IHK-Geschäftsführerin Sabine Bechheim stellte fest: „In Siegen-Wittgenstein verhält es sich teilweise andersherum. Hier steigerten die Unternehmen die gewerblich-technischen Lehrverträge um 16,7 Prozent und diejenigen in den kaufmännischen Berufen immerhin um 4,6 Prozent. Hoffentlich stabilisiert sich diese Entwicklung.“
Hingegen ist die Hotel- und Gaststättenbranche ein Sorgenkind. Sabine Bechheim dazu: „Dass die Unternehmen die deprimierend niedrigen Eintragungszahlen in den Berufen des Hotel- und Gaststättengewerbes in diesem Jahr nicht steigern würden, war uns demgegenüber sehr bewusst. Hier liegen wir derzeit mit 17 abgeschlossenen Lehrverträgen in beiden Kreisen alles andere als gut im Rennen.“
Unternehmen, denen der Staat über Monate hinweg den Geschäftsbetrieb untersagt hätte, könnten eben nicht damit rechnen, dass sie von Bewerbungen überflutet würden.

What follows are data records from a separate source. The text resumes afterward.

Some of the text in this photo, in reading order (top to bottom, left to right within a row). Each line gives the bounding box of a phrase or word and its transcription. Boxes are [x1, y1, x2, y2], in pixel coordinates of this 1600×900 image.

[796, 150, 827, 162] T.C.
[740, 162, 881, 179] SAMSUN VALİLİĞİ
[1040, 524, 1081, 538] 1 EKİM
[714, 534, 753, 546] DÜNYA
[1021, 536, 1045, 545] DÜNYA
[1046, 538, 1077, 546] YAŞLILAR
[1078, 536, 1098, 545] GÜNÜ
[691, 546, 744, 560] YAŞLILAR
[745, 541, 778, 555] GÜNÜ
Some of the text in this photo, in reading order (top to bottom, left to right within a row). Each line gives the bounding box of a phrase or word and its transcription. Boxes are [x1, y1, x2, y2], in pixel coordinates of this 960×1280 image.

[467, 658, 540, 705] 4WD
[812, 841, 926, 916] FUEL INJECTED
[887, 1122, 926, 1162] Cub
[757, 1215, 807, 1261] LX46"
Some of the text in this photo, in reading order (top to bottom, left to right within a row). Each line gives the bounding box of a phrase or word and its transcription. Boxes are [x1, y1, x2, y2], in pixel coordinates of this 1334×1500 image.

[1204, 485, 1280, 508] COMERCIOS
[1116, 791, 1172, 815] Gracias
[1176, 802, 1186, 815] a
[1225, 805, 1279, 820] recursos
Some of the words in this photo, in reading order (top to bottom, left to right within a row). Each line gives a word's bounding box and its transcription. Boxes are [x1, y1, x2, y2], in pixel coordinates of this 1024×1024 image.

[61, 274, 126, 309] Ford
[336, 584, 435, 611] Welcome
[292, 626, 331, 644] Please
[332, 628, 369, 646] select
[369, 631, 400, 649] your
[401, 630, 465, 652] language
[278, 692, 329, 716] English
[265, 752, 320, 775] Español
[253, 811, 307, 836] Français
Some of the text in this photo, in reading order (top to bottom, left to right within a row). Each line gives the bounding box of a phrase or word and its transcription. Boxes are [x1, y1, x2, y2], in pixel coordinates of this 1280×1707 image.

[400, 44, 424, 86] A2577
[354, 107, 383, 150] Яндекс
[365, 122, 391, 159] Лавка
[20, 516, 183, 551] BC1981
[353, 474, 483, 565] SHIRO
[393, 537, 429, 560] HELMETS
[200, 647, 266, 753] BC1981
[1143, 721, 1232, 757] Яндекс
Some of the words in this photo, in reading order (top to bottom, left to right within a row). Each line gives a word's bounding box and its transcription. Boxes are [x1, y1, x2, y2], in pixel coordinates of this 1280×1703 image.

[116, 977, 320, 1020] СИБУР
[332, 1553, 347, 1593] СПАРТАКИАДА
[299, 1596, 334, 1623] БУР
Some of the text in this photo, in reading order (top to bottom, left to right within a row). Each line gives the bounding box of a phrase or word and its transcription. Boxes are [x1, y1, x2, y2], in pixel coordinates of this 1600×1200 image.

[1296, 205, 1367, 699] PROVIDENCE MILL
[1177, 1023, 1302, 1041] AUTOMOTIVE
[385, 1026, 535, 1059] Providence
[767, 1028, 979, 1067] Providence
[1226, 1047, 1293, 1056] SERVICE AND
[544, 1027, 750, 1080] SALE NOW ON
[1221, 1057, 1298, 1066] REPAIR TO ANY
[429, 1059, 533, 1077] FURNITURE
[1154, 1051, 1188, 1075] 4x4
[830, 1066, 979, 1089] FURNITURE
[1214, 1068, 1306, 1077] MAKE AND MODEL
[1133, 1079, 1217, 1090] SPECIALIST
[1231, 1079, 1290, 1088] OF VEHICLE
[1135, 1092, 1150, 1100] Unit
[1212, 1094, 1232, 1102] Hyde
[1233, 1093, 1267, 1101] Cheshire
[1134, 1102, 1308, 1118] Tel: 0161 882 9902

Für Sabine Bechheim und Klaus Gräbener sind die zwar leicht steigenden, jedoch insgesamt nicht befriedigenden Lehrstellenzahlen auch ein Beleg dafür, dass der Versuch, Berufsorientierung und betriebliche Praktika durch digitale Formate abzubilden, vielfach gescheitert sei: „Hier gab es in den letzten Monaten in vielen Schulen einfach zu wenige konkrete Angebote, die die Berufswelt plastisch machten.“
Die beste virtuelle Ausbildungsmesse könne den persönlichen Kontakt zwischen Betrieb und potenziellem Auszubildenden nicht ersetzen. Und den suchen derzeit die jungen Menschen leider zu wenig. Hier werde die IHK in den kommenden Wochen gemeinsam mit der Agentur für Arbeit und den Schulen alles daransetzen, durch einen konzertierten Lehrstellen-Endspurt noch zu deutlichen Verbesserungen zu gelangen.